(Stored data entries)
--------------------
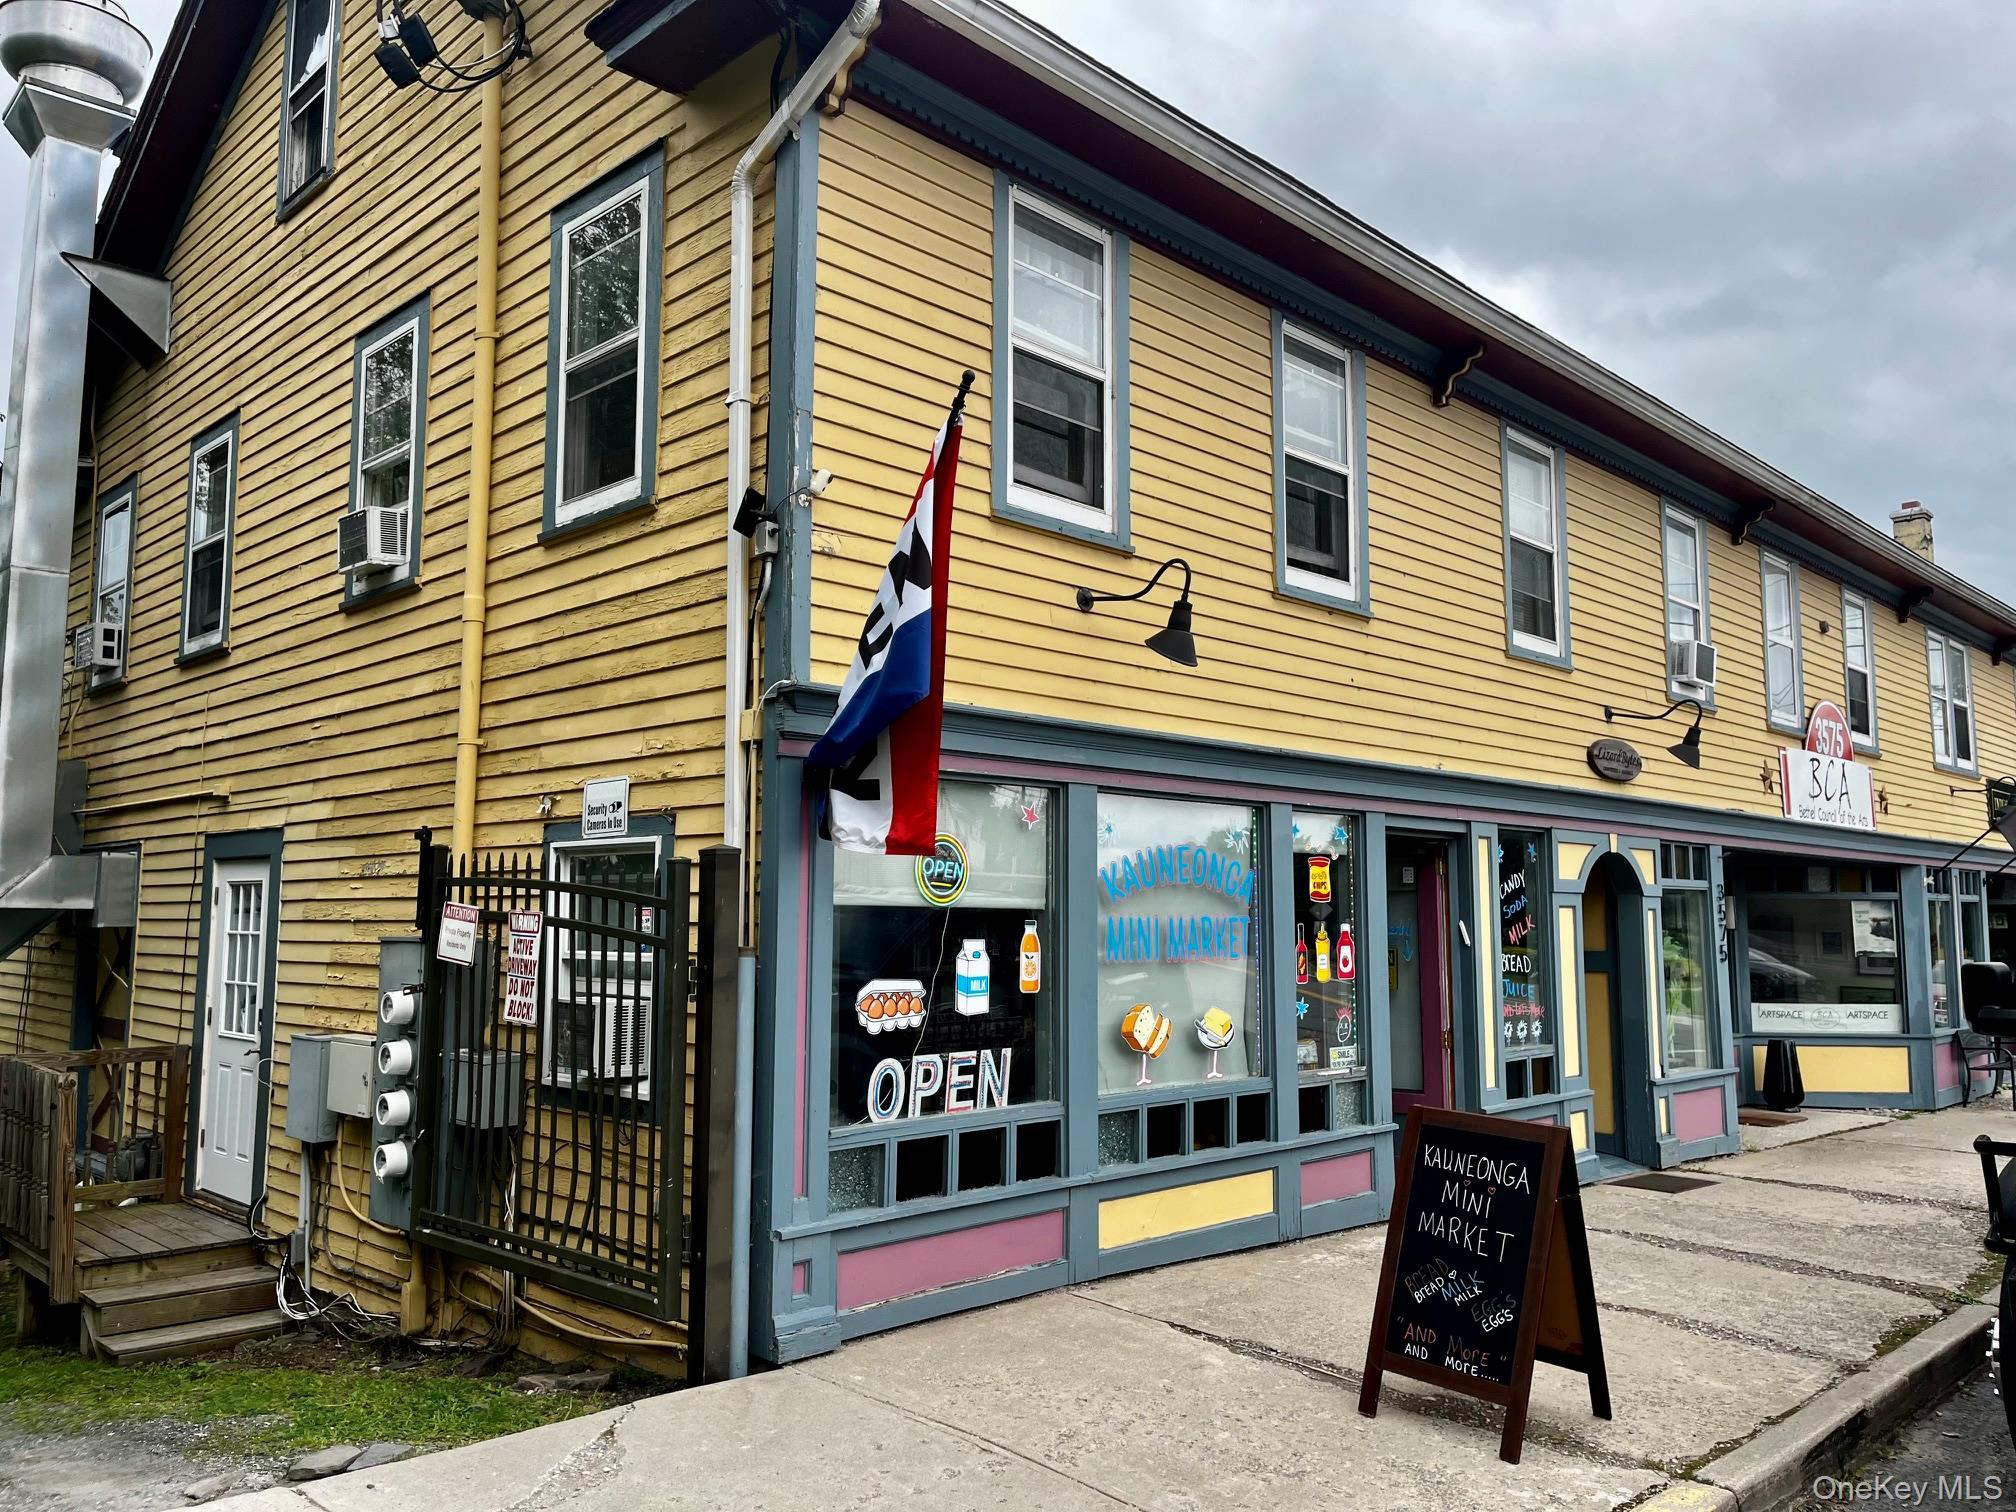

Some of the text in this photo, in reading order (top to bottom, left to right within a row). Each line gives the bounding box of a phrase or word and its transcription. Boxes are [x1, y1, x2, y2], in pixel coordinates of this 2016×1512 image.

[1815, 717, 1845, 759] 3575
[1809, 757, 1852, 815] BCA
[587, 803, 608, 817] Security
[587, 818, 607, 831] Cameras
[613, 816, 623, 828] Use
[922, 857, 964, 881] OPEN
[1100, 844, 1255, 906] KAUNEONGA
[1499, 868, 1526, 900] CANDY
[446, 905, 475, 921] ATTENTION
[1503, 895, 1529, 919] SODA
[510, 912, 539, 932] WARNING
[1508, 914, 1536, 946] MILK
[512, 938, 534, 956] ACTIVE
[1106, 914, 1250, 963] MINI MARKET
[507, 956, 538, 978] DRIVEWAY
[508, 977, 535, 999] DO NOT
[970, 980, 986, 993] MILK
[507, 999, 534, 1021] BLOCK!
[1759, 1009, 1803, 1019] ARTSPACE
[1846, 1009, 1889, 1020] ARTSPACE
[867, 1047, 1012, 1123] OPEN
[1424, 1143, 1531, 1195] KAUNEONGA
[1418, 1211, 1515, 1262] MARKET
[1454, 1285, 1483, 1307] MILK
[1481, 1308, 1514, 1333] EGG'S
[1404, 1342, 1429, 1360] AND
--------------------
Work to complete: What is needed is an exact transcription of every entry, minus the pictures.

Output below:
Some of the text in this photo, in reading order (top to bottom, left to right within a row). Each line gives the bounding box of a phrase or word and its transcription. Boxes are [x1, y1, x2, y2], in pixel coordinates of this 2016×1512 image.

[1815, 717, 1845, 759] 3575
[1809, 757, 1852, 815] BCA
[587, 803, 608, 817] Security
[587, 818, 607, 831] Cameras
[613, 816, 623, 828] Use
[922, 857, 964, 881] OPEN
[1100, 844, 1255, 906] KAUNEONGA
[1499, 868, 1526, 900] CANDY
[446, 905, 475, 921] ATTENTION
[1503, 895, 1529, 919] SODA
[510, 912, 539, 932] WARNING
[1508, 914, 1536, 946] MILK
[512, 938, 534, 956] ACTIVE
[1106, 914, 1250, 963] MINI MARKET
[507, 956, 538, 978] DRIVEWAY
[508, 977, 535, 999] DO NOT
[970, 980, 986, 993] MILK
[507, 999, 534, 1021] BLOCK!
[1759, 1009, 1803, 1019] ARTSPACE
[1846, 1009, 1889, 1020] ARTSPACE
[867, 1047, 1012, 1123] OPEN
[1424, 1143, 1531, 1195] KAUNEONGA
[1418, 1211, 1515, 1262] MARKET
[1454, 1285, 1483, 1307] MILK
[1481, 1308, 1514, 1333] EGG'S
[1404, 1342, 1429, 1360] AND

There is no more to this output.